Brian Schaefer

Personal information
- Date of birth: April 17, 2002 (age 24)
- Place of birth: Seattle, Washington, US
- Height: 6 ft 3 in (1.91 m)
- Position: Defender

Team information
- Current team: Tampa Bay Rowdies
- Number: 3

Youth career
- Jacksonville Armada

College career
- Years: Team / Apps / (Gls)
- 2020–2023: South Florida Bulls / 53 / (5)

Senior career*
- Years: Team / Apps / (Gls)
- 2021: Jacksonville Armada U-23
- 2022: Tampa Bay United / 3 / (0)
- 2023: St. Petersburg FC
- 2024–: FC Cincinnati 2 / 47 / (5)
- 2025: → Indy Eleven (loan) / 9 / (1)
- 2026–: → Tampa Bay Rowdies (loan) / 16 / (0)

= Brian Schaefer =

American soccer player (born 2002)

Brian Schaefer (born April 17, 2002) is an American professional soccer player who plays as a defender for Tampa Bay Rowdies.

==Early life==
Schaefer played youth soccer with the Jacksonville Armada. Schaefer attended Fletcher High School and won the Gateway Conference championship in 2020 and was named the Player of the Year.

==College career==
In 2020, Schaefer began attending the University of South Florida, where he played for the men's soccer team. On March 6, 2021, he scored the winning goal in a 2–1 victory over the Tulsa Golden Hurricane, for his first career collegiate goal, subsequently being named to the American Athletic Conference Weekly Honor Roll. At the end of his freshman season, he was named to the AAC All-Freshman Team. In 2022, he was named to the All-ACC Second Team and an Academic All-District selection.

==Club career==
In 2021, he played with the Jacksonville Armada U-23 in the National Premier Soccer League.
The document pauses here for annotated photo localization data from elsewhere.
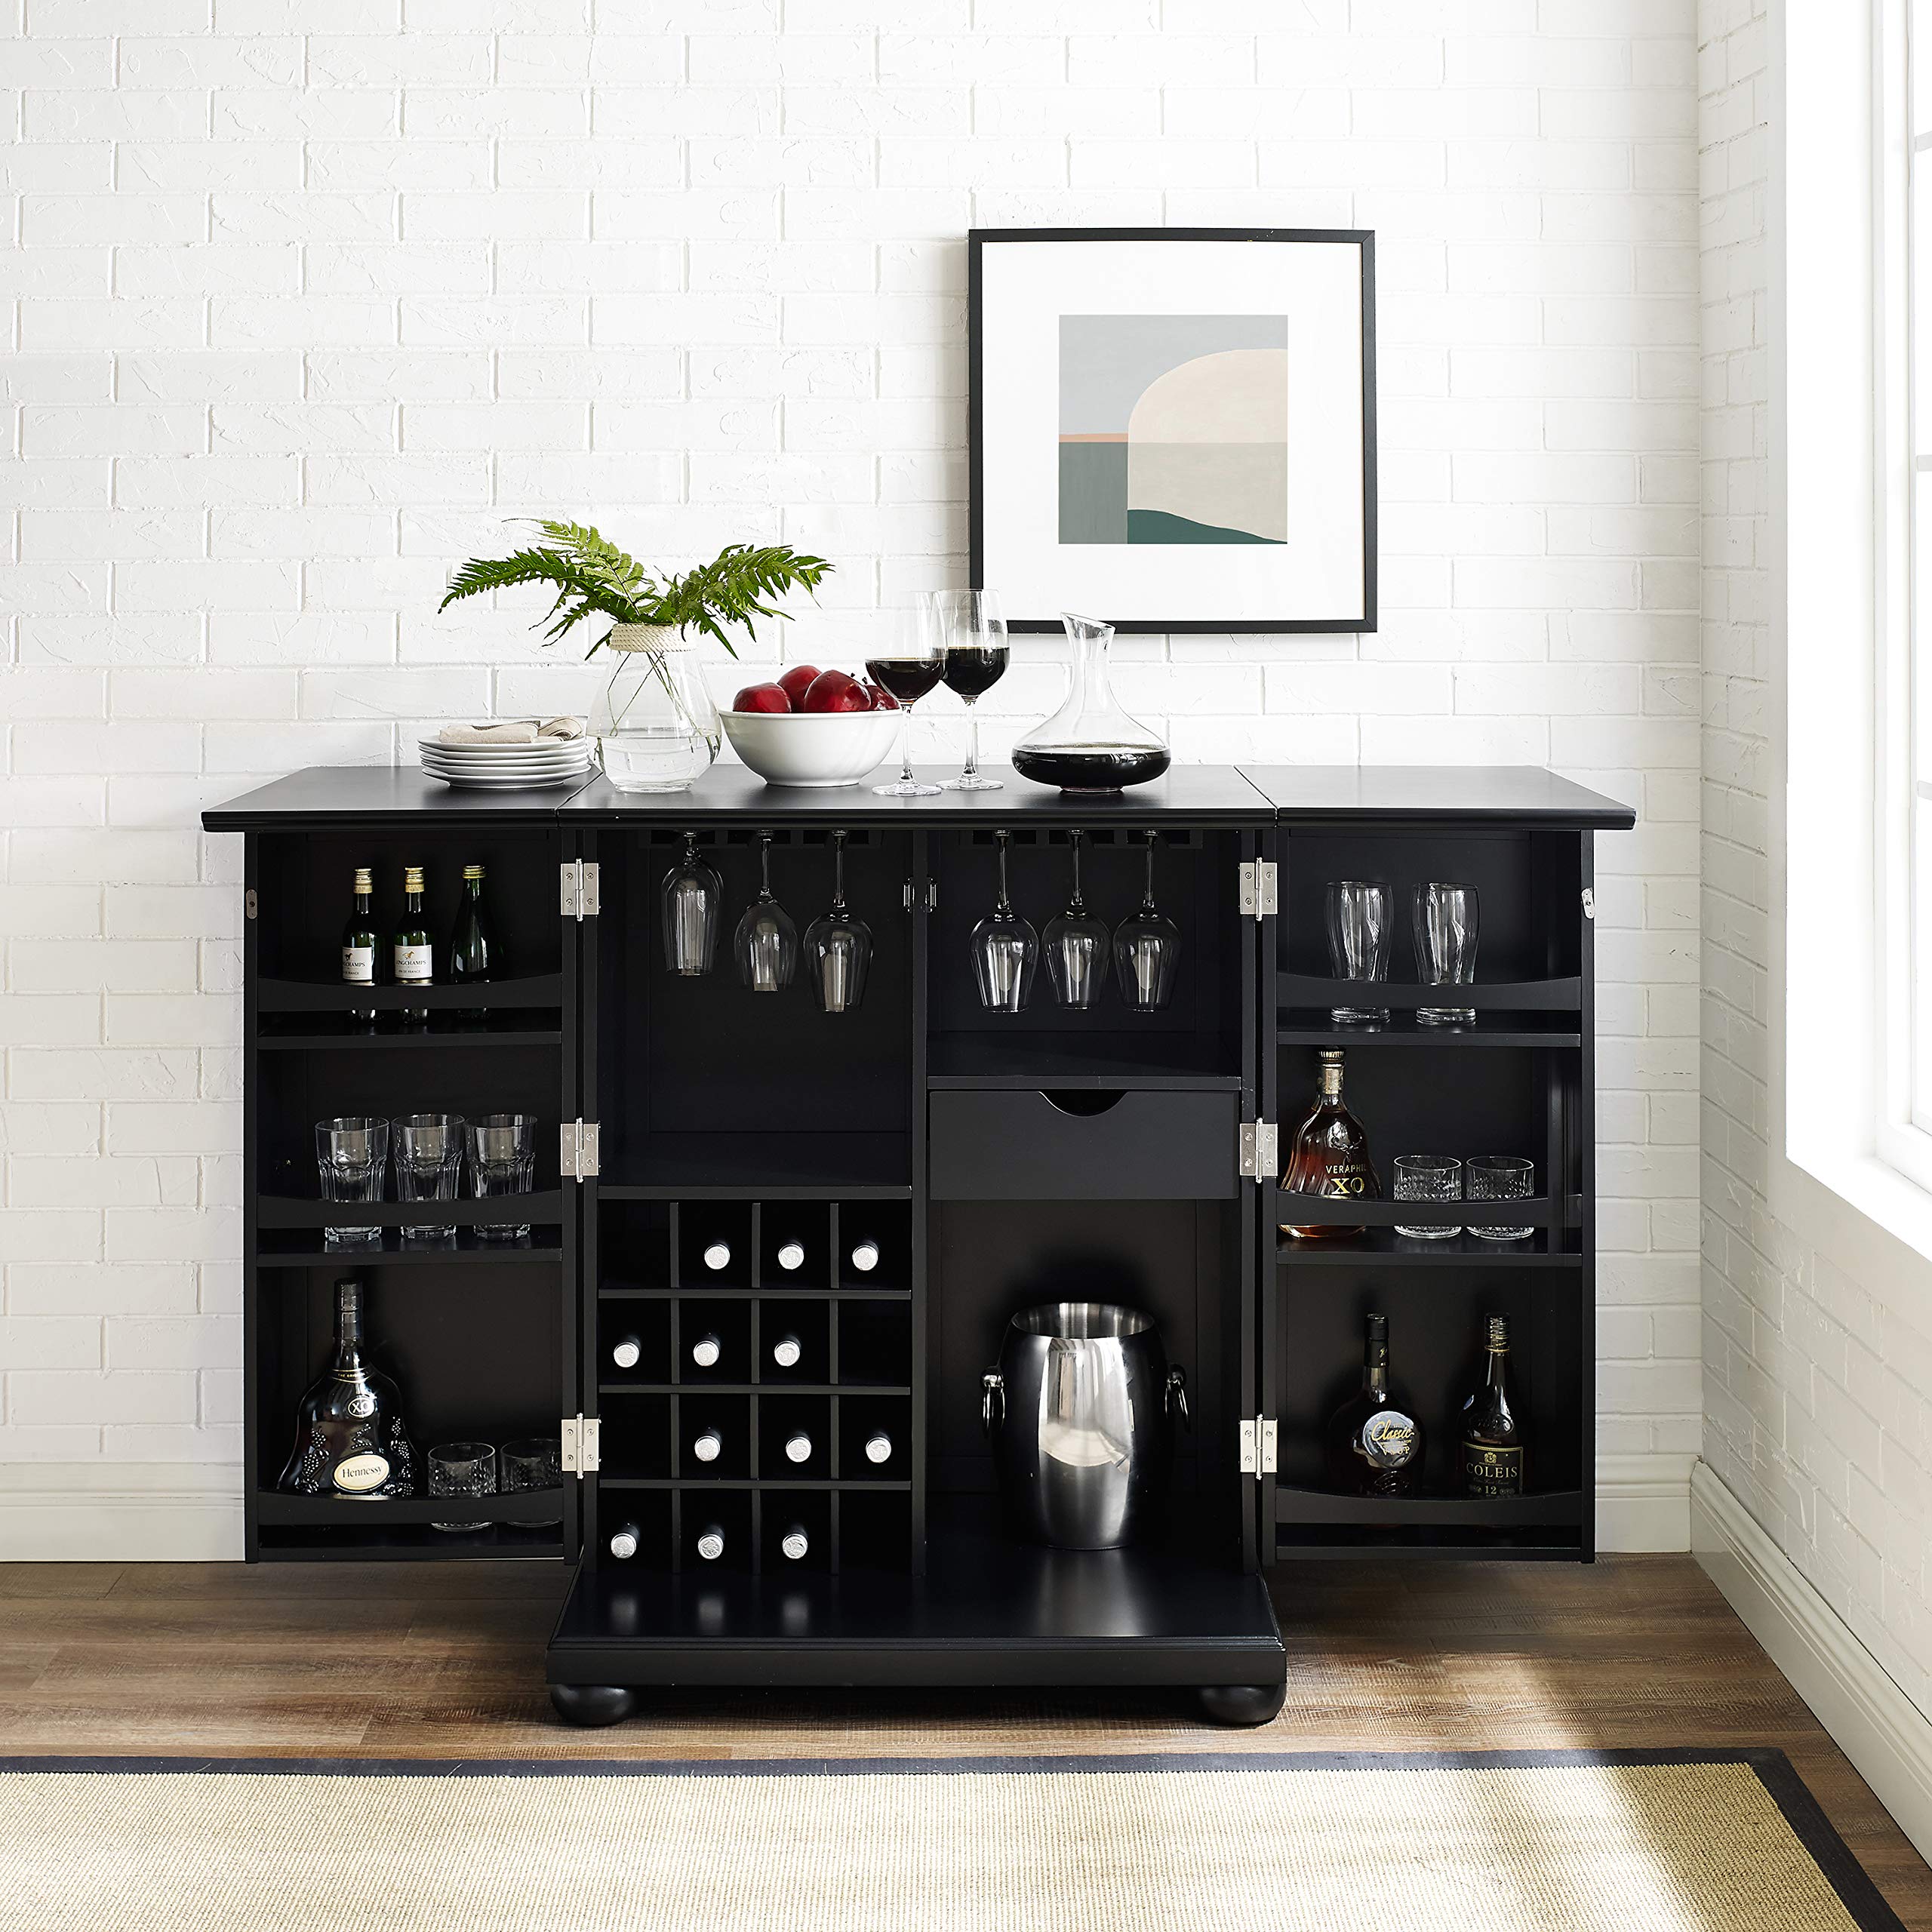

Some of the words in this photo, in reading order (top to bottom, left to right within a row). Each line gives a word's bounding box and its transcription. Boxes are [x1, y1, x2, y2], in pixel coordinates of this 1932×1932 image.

[1331, 1177, 1365, 1195] XO
[351, 1401, 370, 1414] XO
[1371, 1419, 1415, 1441] Classic
[342, 1466, 382, 1478] Hennessy
[1466, 1462, 1518, 1478] COLEIS
[1484, 1485, 1497, 1494] 12
In 2022, Schaefer played with Tampa Bay United in USL League Two. In 2023, he played with St. Petersburg FC in USL League Two.

At the 2024 MLS SuperDraft, Schaefer was selected in the first round (27th overall) by FC Cincinnati. After participating in training camp with the first team, he signed a professional contract with the second team, FC Cincinnati 2 of MLS Next Pro, in February. He made his debut on March 17 against Chicago Fire FC II. He scored his first goal on June 15 against Carolina Core FC.

Schaefer scored his first goal of the 2025 MLS Next Pro season on April 20, 2025, in a 3–1 home victory over the New York Red Bulls II.

Schaefer joined USL Championship team Indy Eleven on loan on September 3, 2025. He made his first appearance for the club on the same day, in a 0–2 away league victory over Hartford Athletic, replacing midfielder James Murphy in the 61st minute. He scored his first goal for the club on September 27, 2025, in a 2–1 home victory over FC Tulsa. Schaefer's loan expired at the end of the 2025 season, returning to FC Cincinnati 2.